[Data shown]

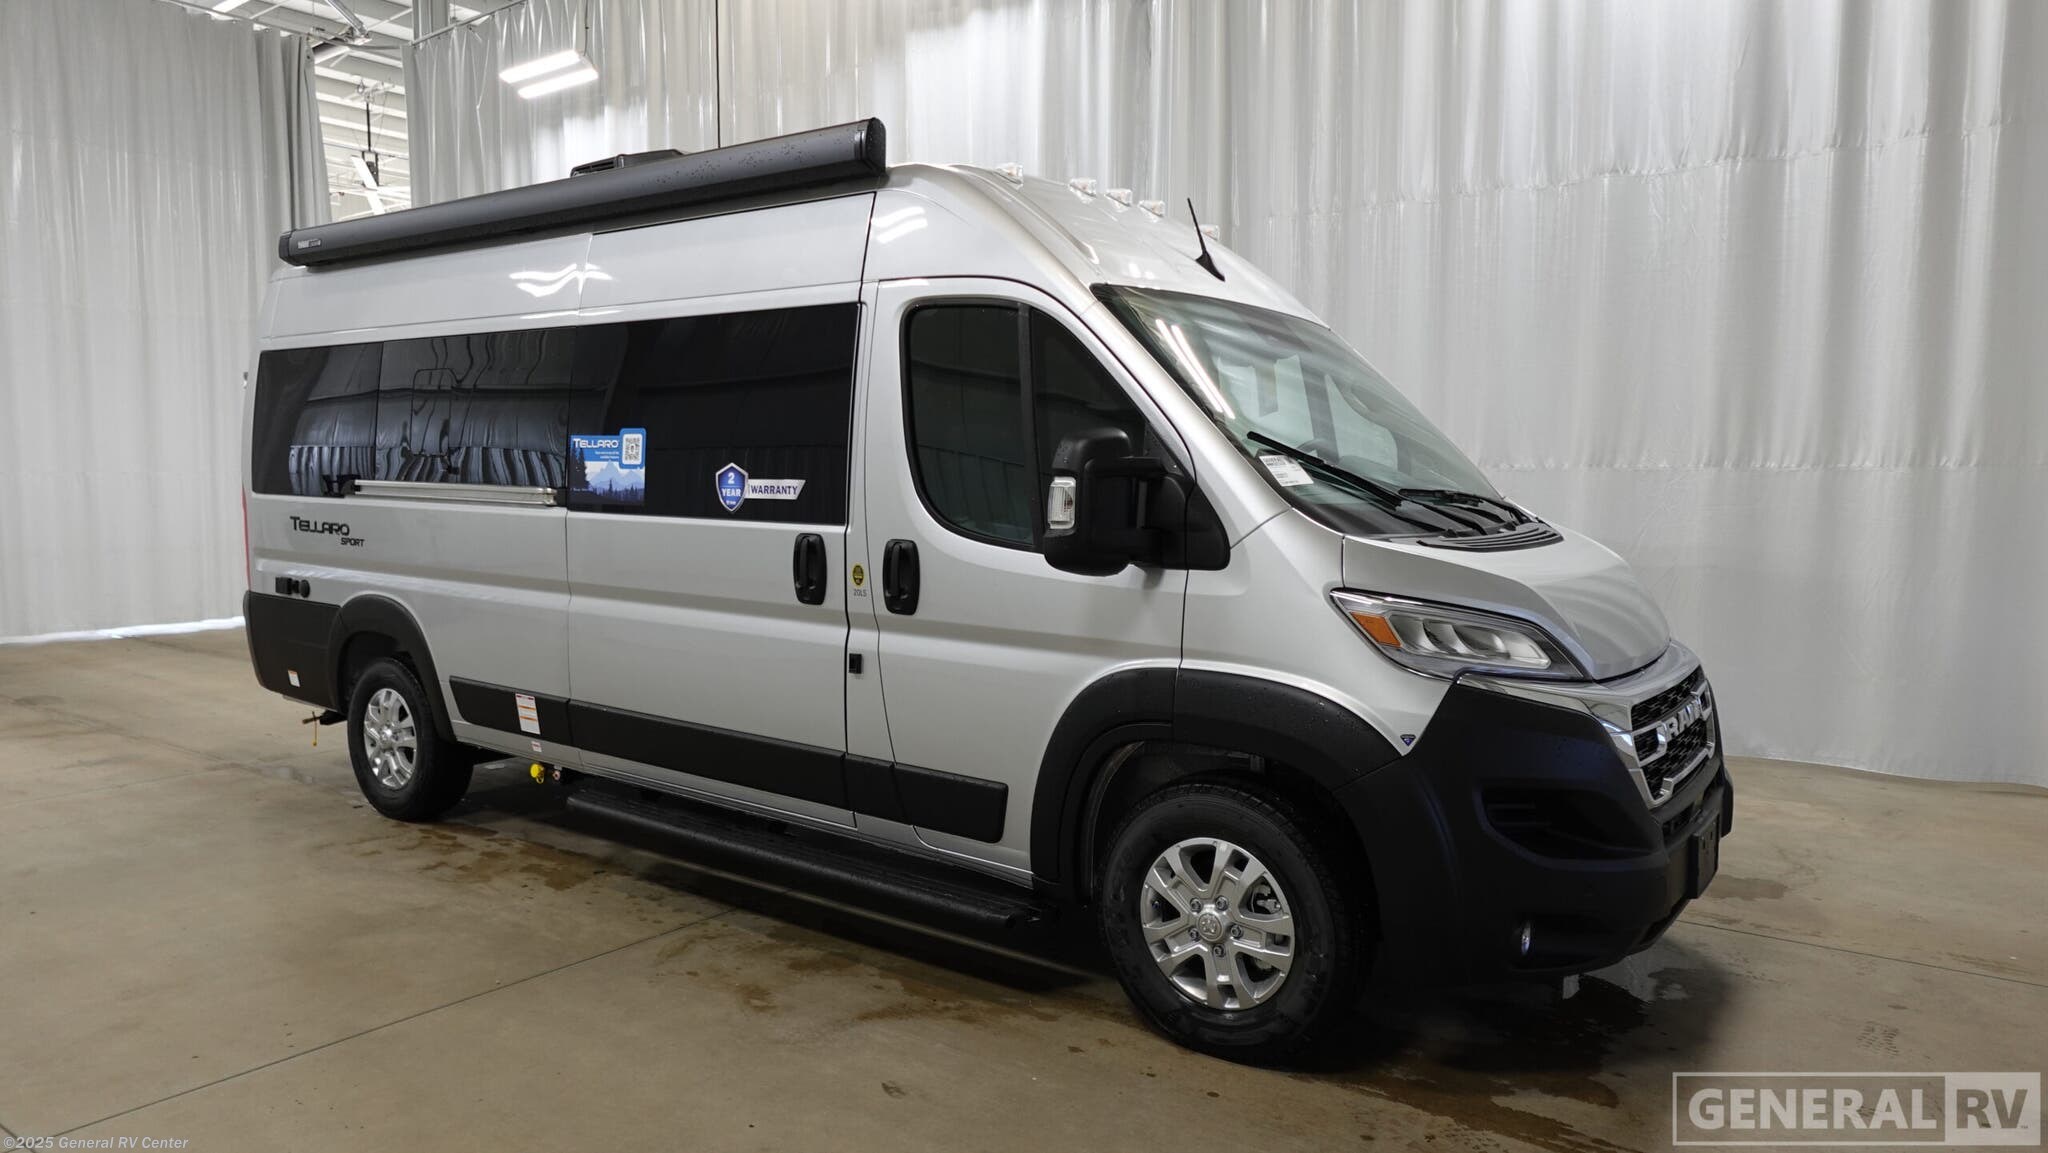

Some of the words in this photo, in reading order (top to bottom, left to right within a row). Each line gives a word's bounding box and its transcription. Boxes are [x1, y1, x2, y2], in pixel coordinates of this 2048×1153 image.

[573, 438, 619, 449] TELLARO
[727, 472, 736, 484] 2
[721, 487, 742, 497] YEAR
[750, 485, 798, 495] WARRANTY
[290, 516, 350, 536] TELLARO
[340, 537, 365, 547] SPORT
[1665, 699, 1701, 743] RAM

[/Data shown]

Work to complete
The result should be a word-for-word restatement of all the data, without images.

Output below
Some of the words in this photo, in reading order (top to bottom, left to right within a row). Each line gives a word's bounding box and its transcription. Boxes are [x1, y1, x2, y2], in pixel coordinates of this 2048×1153 image.

[573, 438, 619, 449] TELLARO
[727, 472, 736, 484] 2
[721, 487, 742, 497] YEAR
[750, 485, 798, 495] WARRANTY
[290, 516, 350, 536] TELLARO
[340, 537, 365, 547] SPORT
[1665, 699, 1701, 743] RAM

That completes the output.